Fig 2 Tomography experiment performed with and without image magnification

Fig 2

Phil Bentley has developed genetic algorithms for the optimisation of neutron optics. The use of genetic algorithms has shown that it would be possible improve the efficiency of focussing guides by 30%.
Some new McStas components were successfully used to model adaptive optics. A 1D parabolic focussing system has been extensively modelled using and a number of full-scale adjustable focussing devices were built and tested. The results agree with the numerical simulations. Two prototypes were built: one with an adjustable focal point and another with five motors to tune the mirror shape. Appropriate control software was written to be able to change the shape of the mirror without breaking it. A more advanced 2D focussing device was built for the instrument TOF-TOF at FRM II, enabling the curvature of the super-mirrors to be changed as a function of wavelength, in order to keep the focal point at the sample position. The team thus managed to double the flux at the sample position.

High resolution imaging using reflective optics

A group of scientists from this JRA has demonstrated using Monte-Carlo calculations that elliptic neutron guides lead only to minor distortions of the phase space and can therefore be used efficiently for neutron radiography and tomography. The group performed Monte-Carlo simulations for various imaging geometries using a straight guide, a convergent guide and an elliptic guide. It used a small section of an elliptic guide to demonstrate the principle of image magnification to achieve gains in spatial resolution. A significant improvement in image resolution was obtained, as shown in figure 2.

The neutron optics group at HZB led by Thomas Krist has designed and built a new type of high-resolution neutron-imaging detector. The small pixel size of the detector requires a high flux density for imaging experiments. The group has designed and optimised Kumakhov-type lenses for improved neutron beam focussing; these have provided a flux gain of 20x, allowing realistic exposure times of several minutes.

The new imaging facility CONRAD-2 was designed at HZB. This imaging facility using reflective optics provides a beam quality that can be used for imaging purposes.
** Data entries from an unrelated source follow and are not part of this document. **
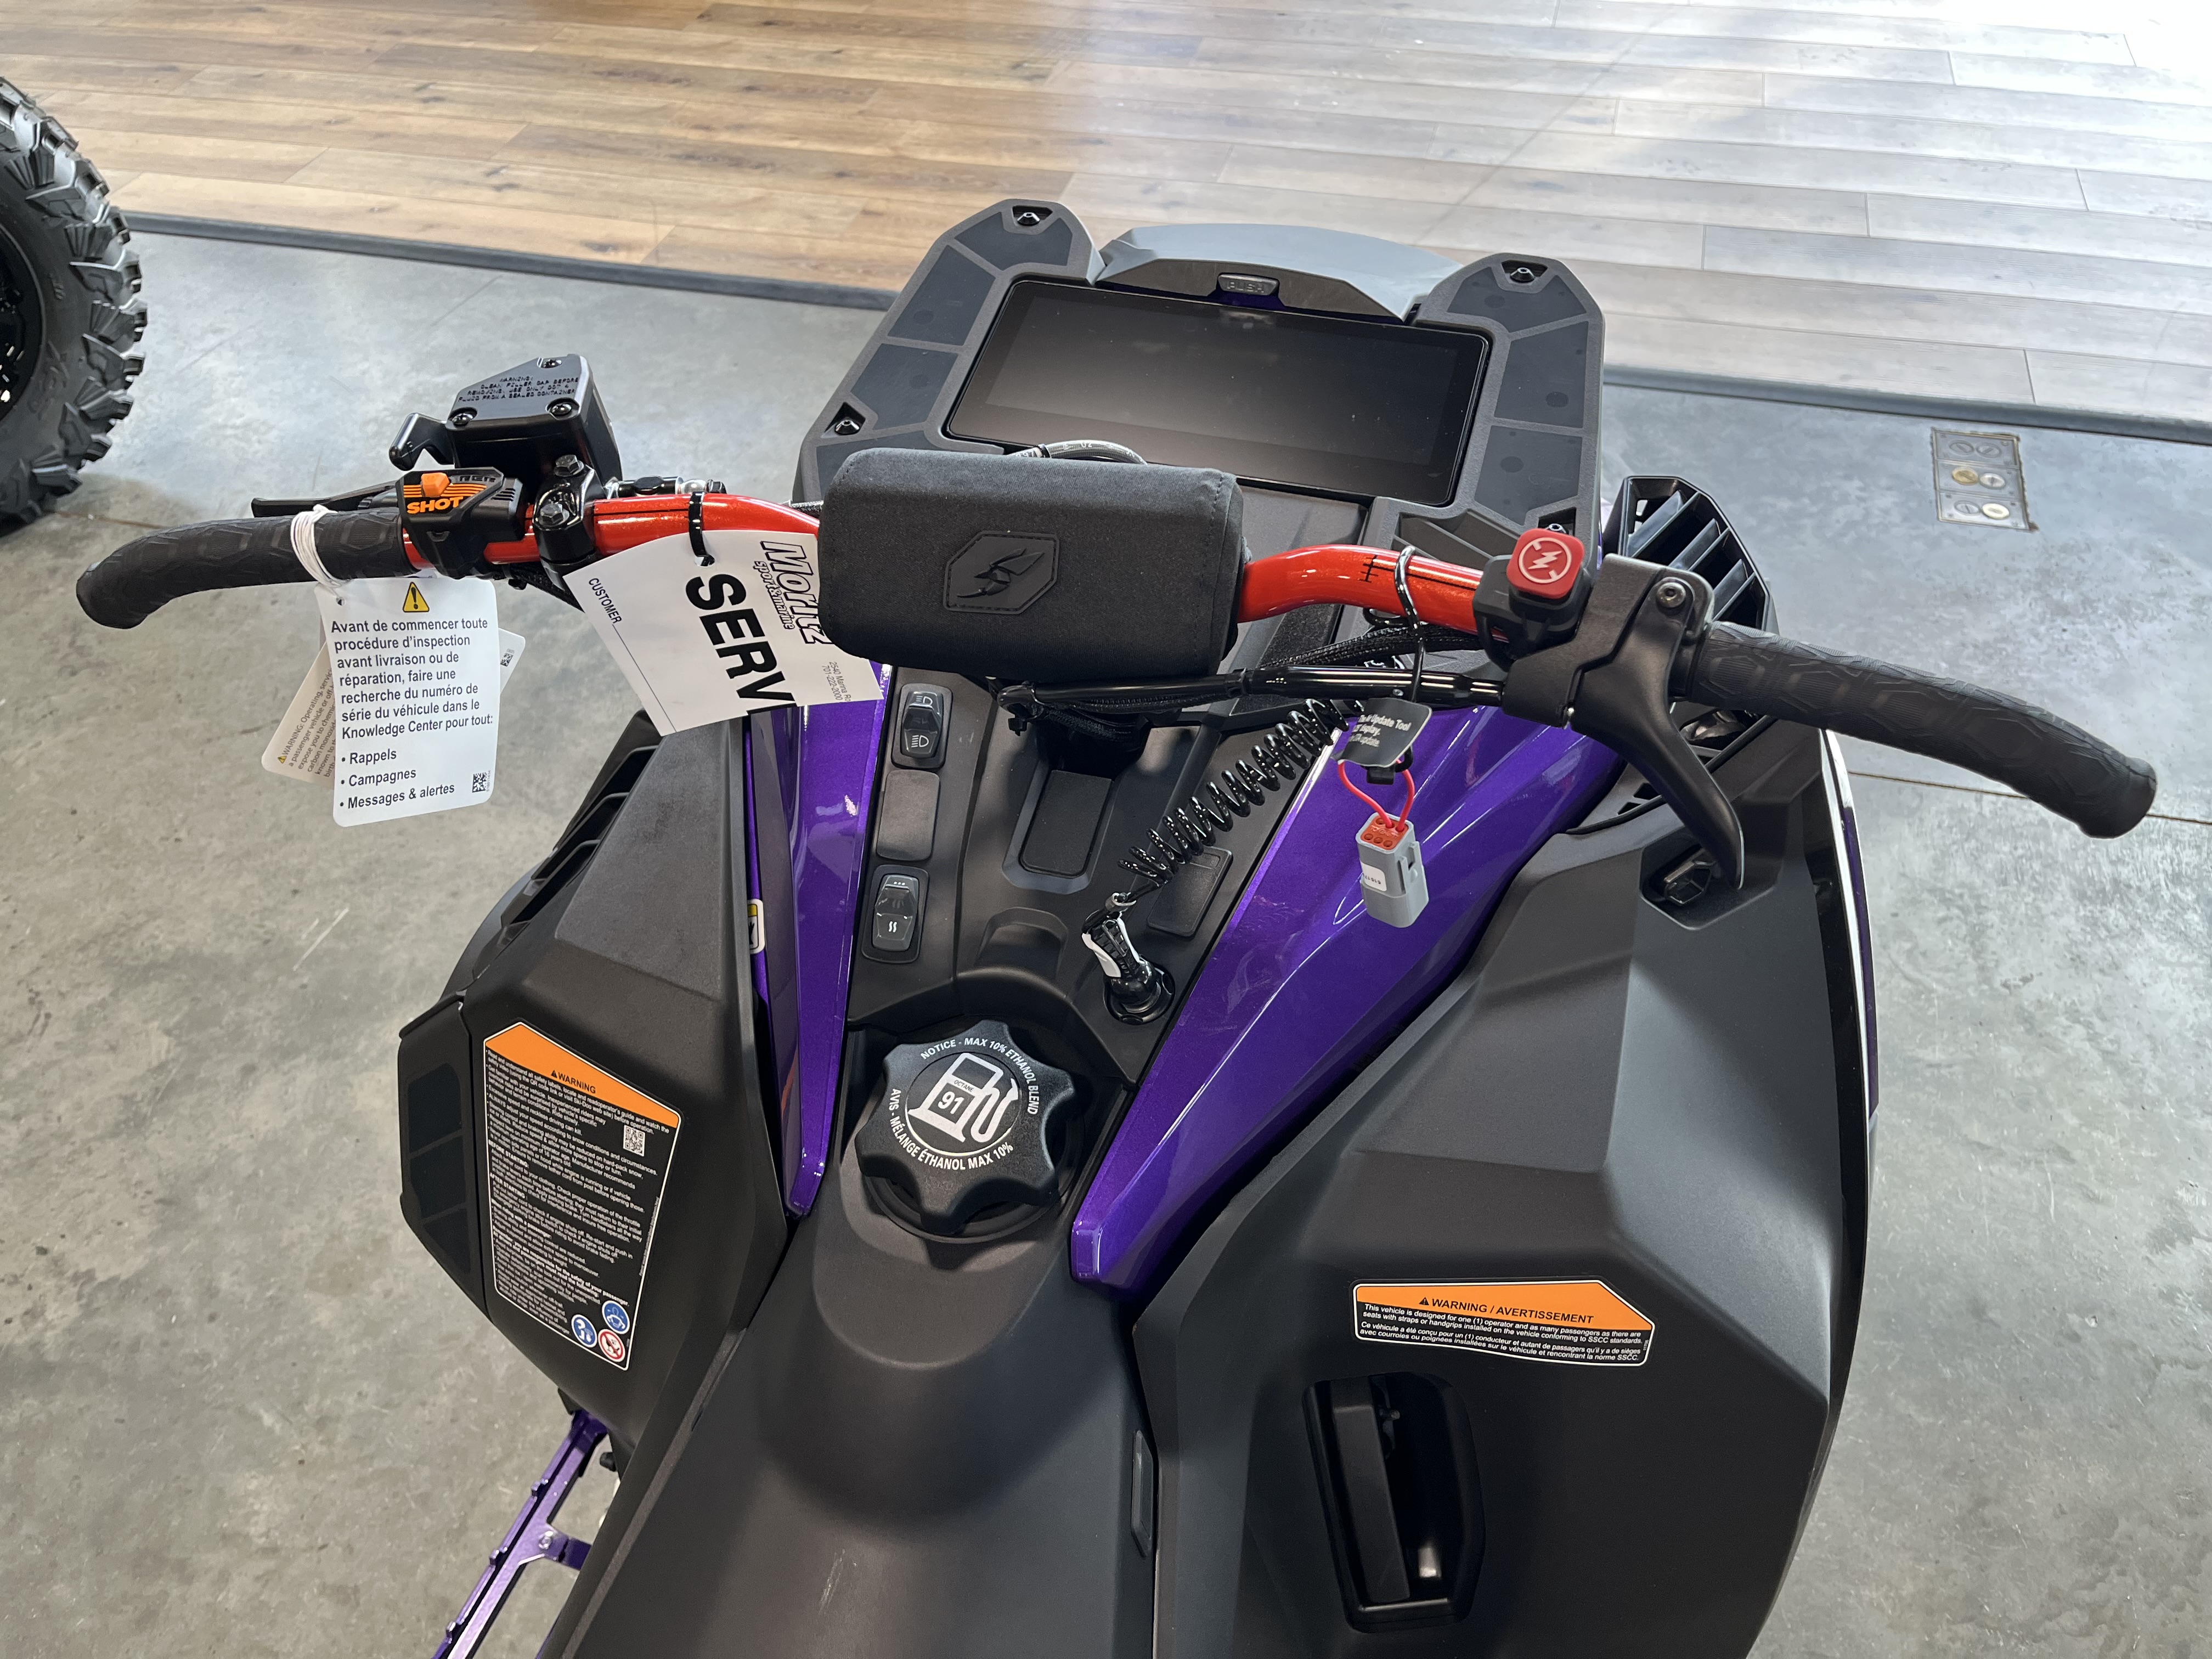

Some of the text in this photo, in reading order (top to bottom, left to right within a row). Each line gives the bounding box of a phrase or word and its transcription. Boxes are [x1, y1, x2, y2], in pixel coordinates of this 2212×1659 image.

[407, 496, 464, 514] SHOT
[589, 578, 622, 624] CUSTOMER
[753, 561, 795, 629] sport&marine
[760, 541, 834, 644] Moritz
[331, 618, 487, 633] Avant de commencer toute
[334, 636, 398, 653] procédure
[337, 651, 459, 668] avant livraison ou de
[340, 669, 455, 687] réparation, faire une
[822, 665, 843, 701] 701-222-2000
[829, 662, 841, 675] 2540
[836, 676, 847, 693] Marina
[341, 689, 400, 704] recherche
[404, 687, 417, 699] du
[422, 684, 462, 697] numéro
[466, 682, 478, 694] de
[342, 698, 479, 721] série du véhicule dans le
[291, 730, 311, 762] passenger
[308, 707, 324, 729] vehicle
[321, 698, 328, 707] or
[342, 714, 492, 739] Knowledge Center pour tout:
[1395, 719, 1412, 731] Tool
[298, 747, 313, 769] expose
[310, 735, 320, 747] you
[307, 751, 322, 772] carbon
[314, 754, 330, 775] known
[349, 748, 396, 765] Rappels
[348, 770, 416, 786] Campagnes
[348, 784, 454, 809] Messages & alertes
[557, 1071, 596, 1094] WARNING
[920, 1037, 1040, 1115] NOTICE MAX 10% ETHANOL BLEND
[953, 1079, 974, 1093] OCTANE
[938, 1091, 966, 1115] 91
[888, 1088, 1014, 1170] AVIS MÉLANGE ÉTHANOL MAX 10%
[1364, 1303, 1379, 1311] This
[1414, 1310, 1446, 1319] designed
[1560, 1328, 1600, 1336] passengers
[1432, 1298, 1594, 1323] WARNING / AVERTISSEMENT
[1372, 1323, 1399, 1331] véhicule
[1475, 1335, 1511, 1344] conducteur
[1620, 1347, 1640, 1356] sièges
[1428, 1317, 1462, 1329] handgrips
[1463, 1323, 1492, 1331] installed
[1541, 1333, 1578, 1342] conforming
[1421, 1334, 1452, 1342] poignées
[1454, 1338, 1486, 1347] installées
[1509, 1346, 1537, 1355] véhicule
[1547, 1350, 1585, 1359] rencontrant
In future investigations the last guide section of the facility could be replaced by a focussing guide to re-assess the parameters of the facility.

The aim here was to design a focussing system on SANS spectrometers using an achromatic combination of curved supermirrors with no absorption (fig 3). SANS instruments could benefit from this technique in terms of flux at the sample. A test bench was produced at LLB and tested at PSI in September 2011 on the optical test beamline BOA.

Fig 4 A two dimensional setup.(right) a 1D+1D setup

Fig 4

The current device only provides improved performance in one direction. The overall set-up would perform better if focussing was possible in two directions, as shown in figure 4. This type of set-up is not technically feasible today. For this reason, a team of researchers tested the optical components of such a set-up on the optical beamline at BNC. Whilst the device provides roughly the expected performances, the optical imperfections observed are too large for SANS experiments. Thus for the new focussing SANS instrument at BNC, a Kirkpatrick -Baez arrangement combining two 1m-long elliptical mirrors will be used.

Modelling of interacting optical elements

There was a wish among users to avoid writing new components to describe new geometries / devices, given that there are already many useful components to build from. The problem is that McStas intrinsically uses a linear flow. Here we devised a solution to handle the assembly of basic optical elements to build a new McStas component. The technique was demonstrated on a “meta-component” including a guide with an embedded, wedged, polarising mirror system of the same type as the one at HZB.

Optical simulation workshops

Peter Willendrup, Linda Udby, Klaus Lieutenant, and Emmanuel Farhi organised a McStas/VITESS school in May 2010 on Ven in Sweden. Later in 2011, the group held another workshop on a more specialised use of McStas. The partners of the projects contributed several components to the McSTAS library.